▶ TASK TO COMPLETE: Leave the pictures out and write out the rest of the listing word for word.

::::

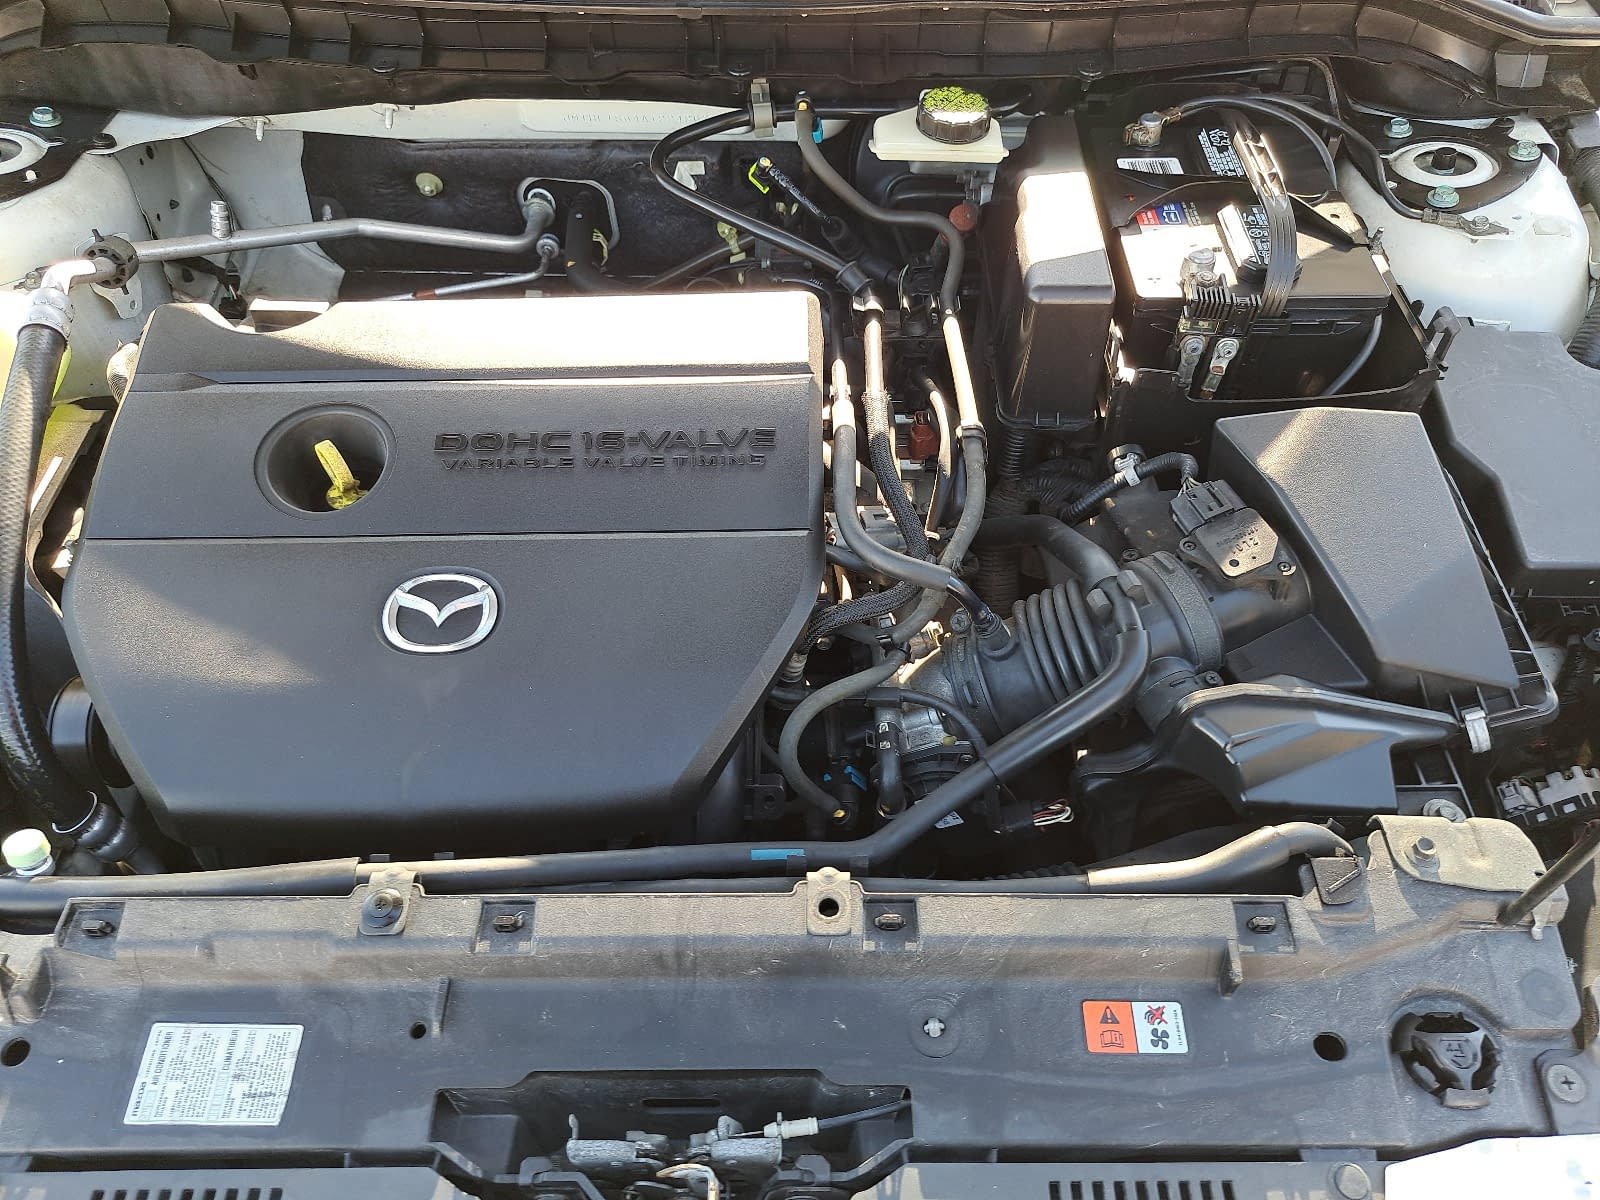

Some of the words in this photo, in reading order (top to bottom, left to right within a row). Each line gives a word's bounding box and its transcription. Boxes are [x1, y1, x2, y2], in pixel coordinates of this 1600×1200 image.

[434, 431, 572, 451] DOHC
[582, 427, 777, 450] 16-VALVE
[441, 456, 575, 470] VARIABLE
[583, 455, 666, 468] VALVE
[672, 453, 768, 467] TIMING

::::

▶ THE ANSWER:
Some of the words in this photo, in reading order (top to bottom, left to right within a row). Each line gives a word's bounding box and its transcription. Boxes are [x1, y1, x2, y2], in pixel coordinates of this 1600×1200 image.

[434, 431, 572, 451] DOHC
[582, 427, 777, 450] 16-VALVE
[441, 456, 575, 470] VARIABLE
[583, 455, 666, 468] VALVE
[672, 453, 768, 467] TIMING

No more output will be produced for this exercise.